Purification and characterization of a neurite extension factor from bovine brain

Abstract

The extension of neurites by chicken embryo cerebral cortical neurons can be measured quantitatively at low cell density in serum-free, defined medium. An acidic, heat-stable protein fraction from bovine brain has been shown to have neurite extension activity in this assay. We report the use of reversed-phase HPLC to purify a neurite extension factor from this fraction to apparent homogeneity.
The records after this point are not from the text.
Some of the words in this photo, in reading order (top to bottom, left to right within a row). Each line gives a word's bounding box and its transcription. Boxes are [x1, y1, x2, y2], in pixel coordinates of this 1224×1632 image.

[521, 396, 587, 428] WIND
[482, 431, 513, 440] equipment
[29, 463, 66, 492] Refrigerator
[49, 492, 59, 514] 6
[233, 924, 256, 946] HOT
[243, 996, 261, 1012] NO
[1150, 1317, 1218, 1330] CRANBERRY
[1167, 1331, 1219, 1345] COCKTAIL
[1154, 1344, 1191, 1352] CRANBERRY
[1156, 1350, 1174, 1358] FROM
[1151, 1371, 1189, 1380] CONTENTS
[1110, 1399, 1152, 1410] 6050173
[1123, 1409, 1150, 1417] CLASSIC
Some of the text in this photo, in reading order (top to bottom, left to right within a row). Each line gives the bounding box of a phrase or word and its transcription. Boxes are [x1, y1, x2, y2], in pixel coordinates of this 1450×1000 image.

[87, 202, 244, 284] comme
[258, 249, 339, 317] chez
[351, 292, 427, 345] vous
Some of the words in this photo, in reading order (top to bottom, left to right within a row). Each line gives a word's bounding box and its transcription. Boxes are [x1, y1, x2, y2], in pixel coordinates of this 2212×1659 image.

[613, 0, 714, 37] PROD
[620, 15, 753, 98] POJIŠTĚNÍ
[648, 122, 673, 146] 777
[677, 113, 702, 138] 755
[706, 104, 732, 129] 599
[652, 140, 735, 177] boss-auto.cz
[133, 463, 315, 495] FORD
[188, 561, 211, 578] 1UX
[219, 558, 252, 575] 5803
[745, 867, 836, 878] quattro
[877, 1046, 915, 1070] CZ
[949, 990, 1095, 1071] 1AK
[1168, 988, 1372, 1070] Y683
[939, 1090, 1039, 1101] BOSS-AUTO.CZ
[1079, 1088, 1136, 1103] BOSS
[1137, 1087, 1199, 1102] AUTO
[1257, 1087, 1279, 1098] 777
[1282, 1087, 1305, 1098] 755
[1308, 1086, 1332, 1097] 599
The protein was characterized by NaDodSO4/PAGE. In the presence of reducing agents, the protein migrated as a single band, with an apparent molecular weight of 6500. In the absence of reducing agents, the protein showed bands at apparent molecular weights of 6500, 21,000-22,000, 30,000, and 40,000. Reduction and S-carboxymethylation of the protein abolished all biological activity and resulted in a shift of the apparent molecular weight to 11,000. The amino acid composition of the purified neurite-extension factor was nearly identical to that of bovine brain S100 beta. The amino acid sequences of peptides derived from trypsin or cyanogen bromide digests of the protein were identical to those found in S100 beta and accounted for 71 of 91 amino acids in the protein. However, three peptides obtained from cyanogen bromide digestion of the nonreduced protein appeared to be disulfide-linked dimers. Our results indicate that a biological activity, neurite extension, which is critical for the development of the nervous system, is associated with a disulfide form of S100 beta.